Haïti : Et si ce n’était pas de l’ingérence… mais une lassitude internationale face à l’échec des dirigeants haïtiens ?

Débat sur l’ingérence internationale et la gouvernance en Haïti
Haïti face à un double défi : entre pressions internationales persistantes et défaillance du leadership interne, le pays peine à retrouver stabilité, souveraineté et gouvernance efficace.

Depuis des années, chaque nouveau chapitre sombre en Haïti s’accompagne du même refrain : l’ingérence internationale.
Personne ne peut nier cette réalité historique. Le pays porte encore les traces de décisions extérieures brutales, opportunistes et souvent hostiles à sa souveraineté réelle.

Cependant, une question s’impose aujourd’hui, sans émotion ni slogans :
Et si la crise actuelle révélait aussi une fatigue internationale face à une classe dirigeante incapable, ou peu désireuse, de changer le destin du peuple ?

L’ingérence comme refuge politique

L’ingérence existe. Haïti l’a subie.
Mais à force de l’utiliser comme explication unique, elle devient un refuge narratif. Elle évite un examen plus douloureux : l’échec interne.

La tragédie haïtienne ne vient pas uniquement de l’extérieur.
Elle se fabrique aussi à l’intérieur, par des élites qui la tolèrent, l’entretiennent et la normalisent.

Une communauté internationale désabusée

Pendant des années, la communauté internationale a tenté d’agir : missions, financements, dialogues, feuilles de route.
Chaque cycle a pourtant produit le même résultat.

Le peuple s’appauvrit.
L’État s’effondre.
Les dirigeants se repositionnent.

Peu à peu, les partenaires étrangers ne voient plus un projet national crédible.
Ils voient surtout des acteurs politiques qui gagnent du temps, sécurisent leurs intérêts et protègent leurs privilèges.

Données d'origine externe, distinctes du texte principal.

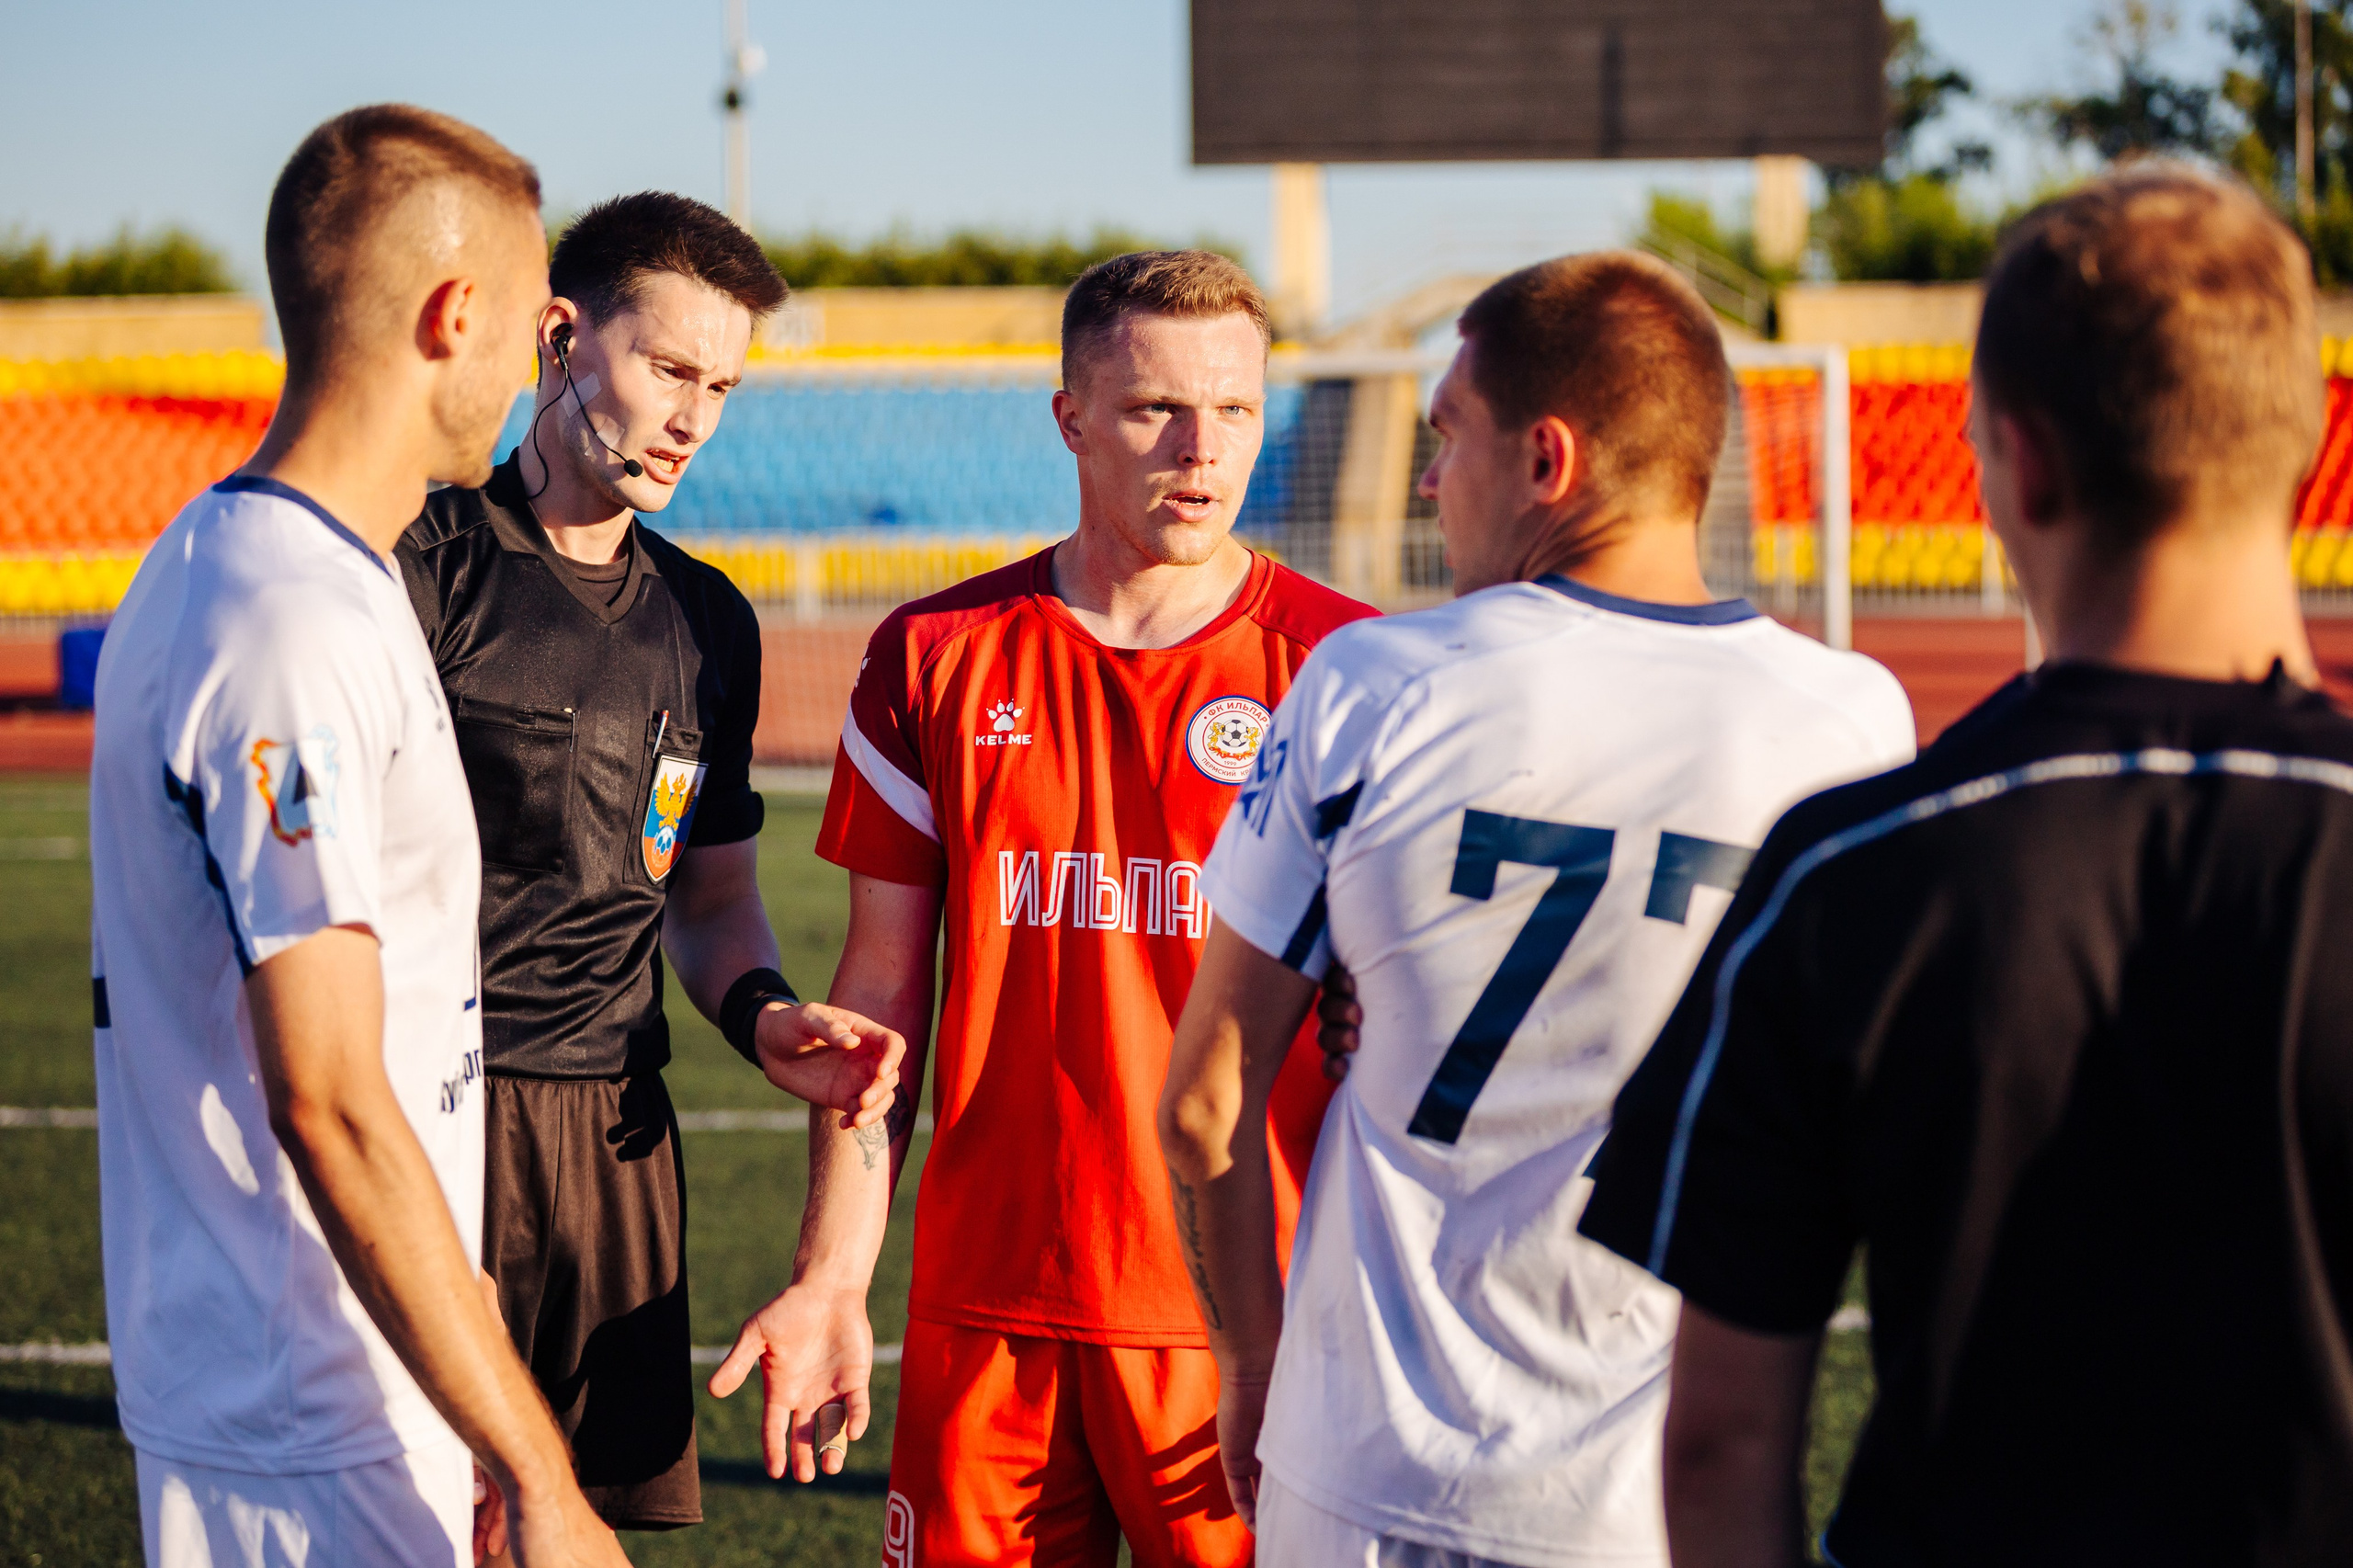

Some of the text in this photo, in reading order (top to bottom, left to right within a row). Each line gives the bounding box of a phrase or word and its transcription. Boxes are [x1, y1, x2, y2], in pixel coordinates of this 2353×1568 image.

[1208, 701, 1268, 723] ФК ИЛЬПАР
[975, 733, 1032, 746] KELME
[1201, 757, 1252, 777] ПЕРМСКИЙ КР
[998, 850, 1211, 939] ИЛЬПА

Quand gouverner cesse de servir

Le problème ne se limite pas à l’absence d’un bon gouvernement.
Il touche au sens même du pouvoir.

Trop de dirigeants ne cherchent pas à établir l’ordre ni à renforcer les institutions.
Ils cherchent à survivre politiquement, à protéger un clan, à préserver des avantages immédiats.

Pendant que le peuple manque de tout, certains priorisent leurs maisons, leurs voyages et leurs privilèges.
Le citoyen devient utile seulement dans les discours.

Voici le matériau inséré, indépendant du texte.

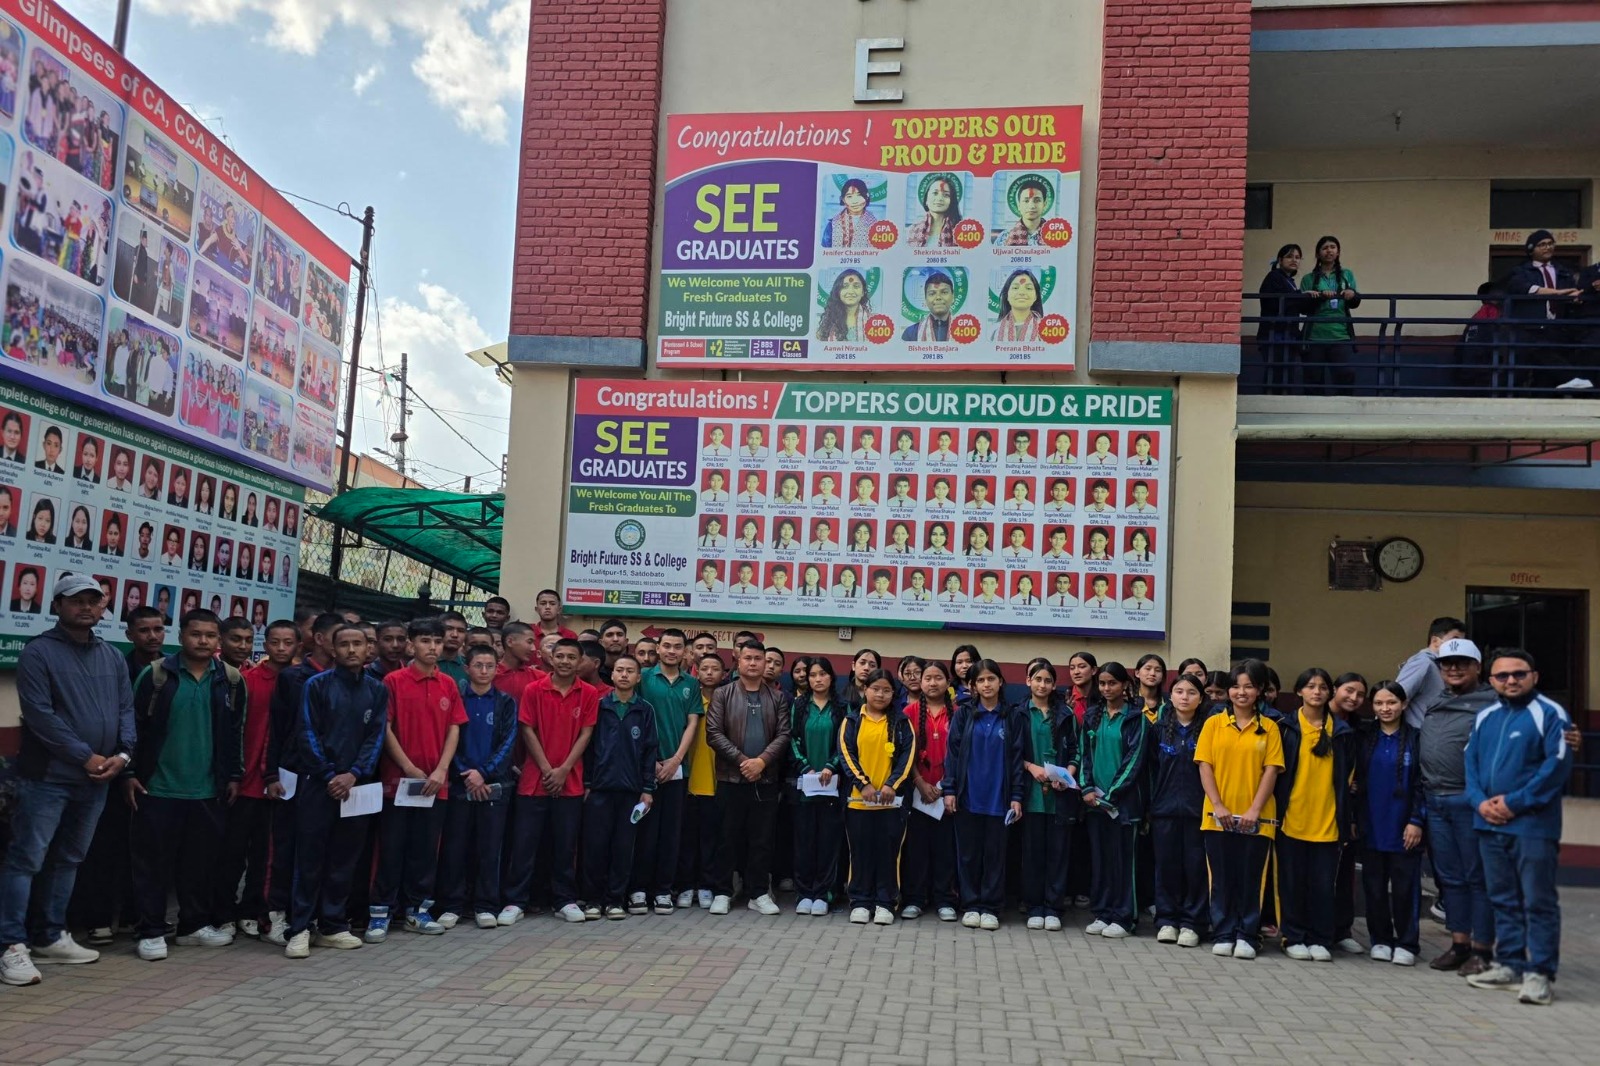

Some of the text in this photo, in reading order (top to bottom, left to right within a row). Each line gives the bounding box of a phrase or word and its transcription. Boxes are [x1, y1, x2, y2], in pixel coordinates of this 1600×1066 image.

Un peuple abandonné mais toujours debout

Les Haïtiens continuent pourtant d’avancer.
Ils vivent dans un pays où la peur devient normale, où les écoles ferment et où la sécurité disparaît.

Malgré tout, ils travaillent, prient et espèrent.
Mais le peuple ne peut pas remplacer l’État indéfiniment. Il ne peut pas compenser l’échec du leadership.

La lassitude internationale comme signal

L’international n’est pas innocent.
Mais il n’est pas non plus tenu de sauver un pays dont les dirigeants refusent le service public.

Quand les réformes stagnent et que les mêmes pratiques reviennent, les partenaires ne parlent plus de coopération.
Ils parlent de gestion de crise.

Et cette gestion impose, contourne et presse.
Ce qui ressemble à de l’ingérence traduit parfois une perte totale de crédibilité du leadership.

Une souveraineté qui commence à l’intérieur

Un État se respecte quand ses institutions fonctionnent, quand la justice agit et quand les dirigeants servent.
Sans cela, la souveraineté reste fragile.

La vérité est dure mais claire :
le monde ne respectera jamais Haïti plus que ses propres dirigeants ne respectent le peuple.

l’ingérence existe, l’échec aussi

Oui, il existe des intérêts étrangers.
Mais ignorer l’échec interne empêche toute solution.

La souffrance haïtienne est devenue une routine.
Une routine alimentée par des dirigeants qui refusent le sérieux et le sacrifice.

Haïti n’a pas seulement besoin d’aide.
Haïti a besoin de dirigeants qui aiment le pays plus que leurs privilèges.

Car un peuple peut endurer beaucoup.
Mais aucun peuple ne progresse sans leadership.